The progress of AI hasn’t only caught most people by surprise, but it’s also caught academicians and AI researchers by surprise.
Max Tegmark, who is a professor at MIT, has said that even his colleagues had been completely wrong about their predictions around the progress of AI. Tegmark is a physicist, cosmologist, and machine learning researcher, and is known for his pioneering work on ideas on the nature of reality and artificial intelligence. He says that the scientific community, even a few years ago, had no idea how quickly AI was going to develop.

“I remember very vividly, like 6-7 years ago, most of my colleagues here at MIT and most of my AI colleagues in general pretty convinced that we were decades away from passing the Turing test, decades away from building machines that could master language and knowledge at the human level. And they were all wrong,” Tegmark said on the Curt Jaimungal podcast.
“They were way too pessimistic. Because (these things) have already happened, right? You can quibble about whether (passing the Turing Test) happened with GPT-4 or when it was exactly, but it’s pretty clear it’s in the past now. If people could be so wrong about that, maybe they were wrong about more. And sure enough, since then AI has gone from being kind of high school level, college level, being PhD level, to professor level, to even far beyond that in many areas. In just four short years, prediction after prediction has been crushed, where things have happened faster,” he added.

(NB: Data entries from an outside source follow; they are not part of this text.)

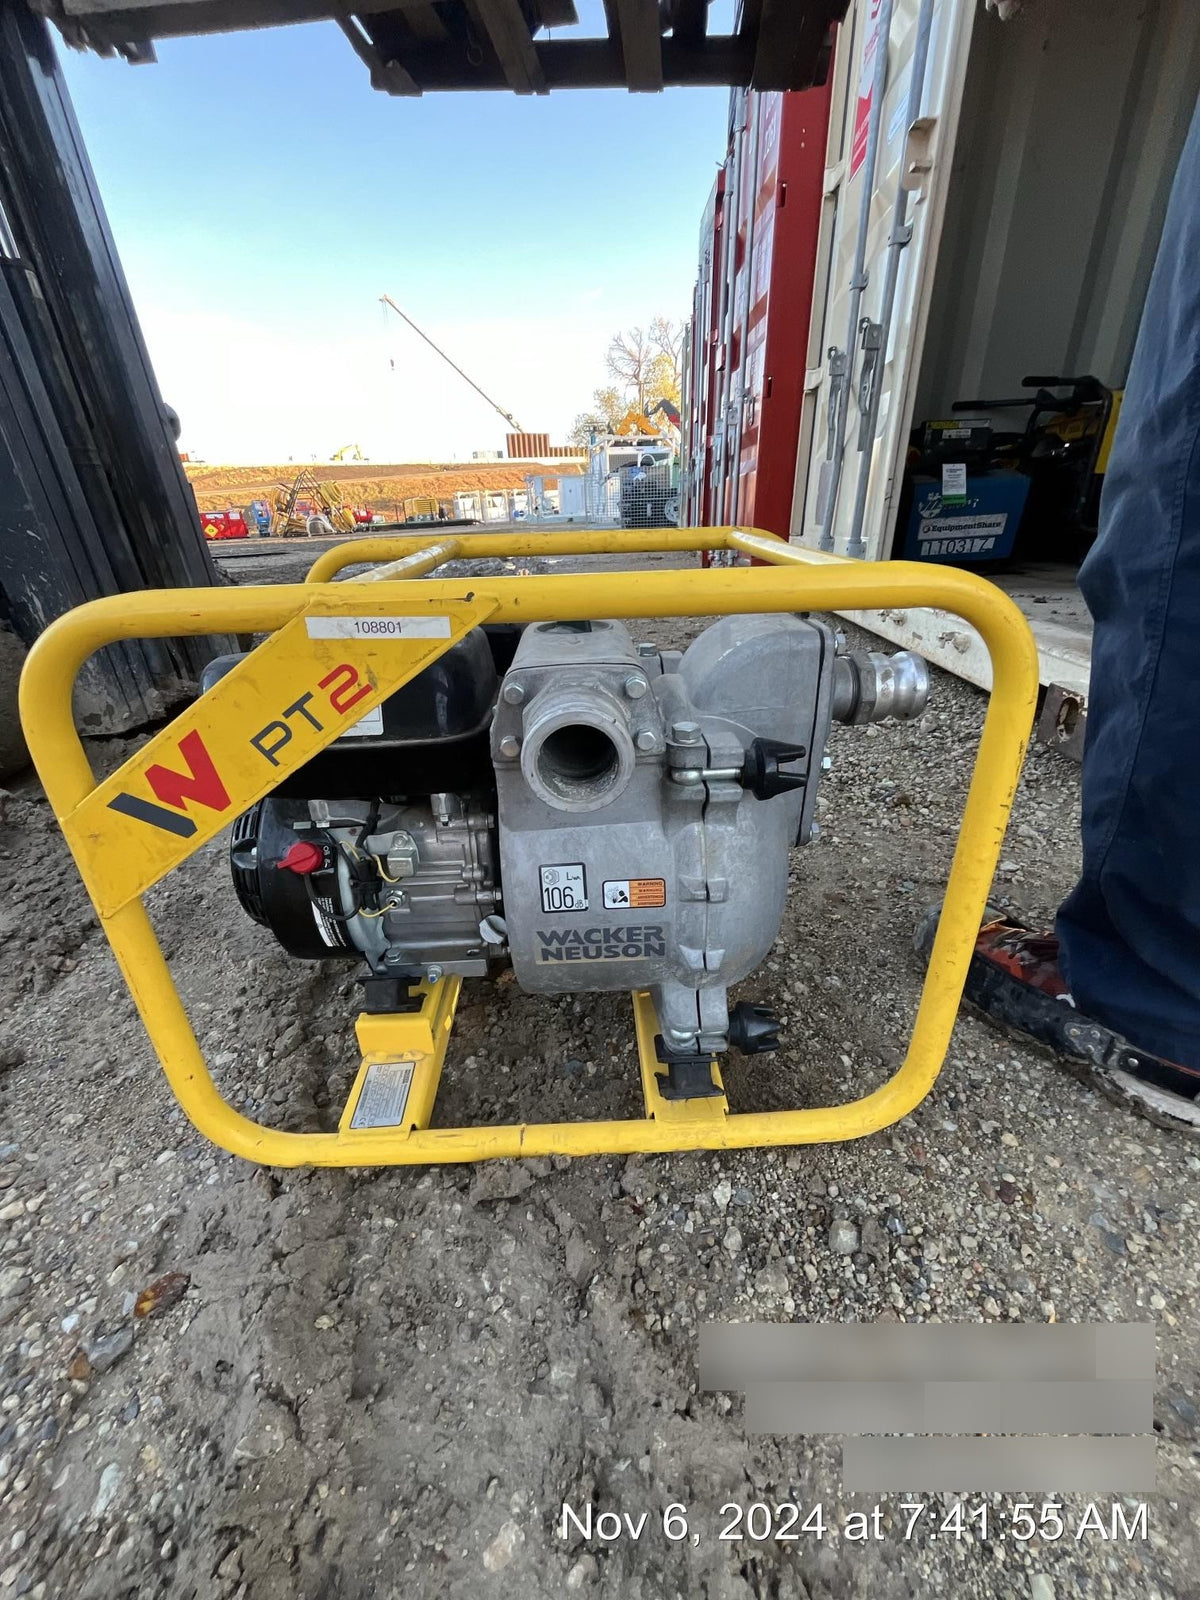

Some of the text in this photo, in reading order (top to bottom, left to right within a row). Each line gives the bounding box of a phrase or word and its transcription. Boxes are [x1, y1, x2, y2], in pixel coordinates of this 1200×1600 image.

[932, 521, 1001, 533] EquipmentShare
[354, 621, 402, 634] 108801
[250, 664, 373, 767] PT2
[544, 886, 574, 910] 106
[536, 925, 666, 947] WACKER
[541, 942, 666, 962] NEUSON

“I think we have gone from the overhyped regime to the under hyped regime. And, and this is the reason why so many people now are talking about it will reach broadly human level in two to five years, depending on which tech CEO you talk to or which professor you talk to. But it’s very hard now for me to find anyone serious who thinks we’re a hundred years away from it,” he added.

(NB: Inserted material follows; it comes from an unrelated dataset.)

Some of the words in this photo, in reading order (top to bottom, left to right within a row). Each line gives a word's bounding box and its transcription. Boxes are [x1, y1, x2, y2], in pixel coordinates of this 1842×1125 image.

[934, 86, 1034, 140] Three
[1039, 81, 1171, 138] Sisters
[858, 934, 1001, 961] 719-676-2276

Humanity has indeed blazed past the Turing Test, once thought to be one of the hardest problems in computer science, which required creating a artificial system which could pass off as a human in a conversation. OpenAI CEO Sam Altman has said that historians of the future will be unable to agree when exactly the Turing Test was passed, which indicates that AI progressed so quickly over the last few years that it was impossible to even tell when exactly this milestone was passed. There were also other predictions that have proven been too pessimistic — even in 2021, less than 10 percent of experts believed that an AI would win a gold medal at the International Mathematics Olympiad by 2025, and both Google and OpenAI have already achieved the feat. And if AI can keep progressing at this pace, there’s no telling where it might be a few years.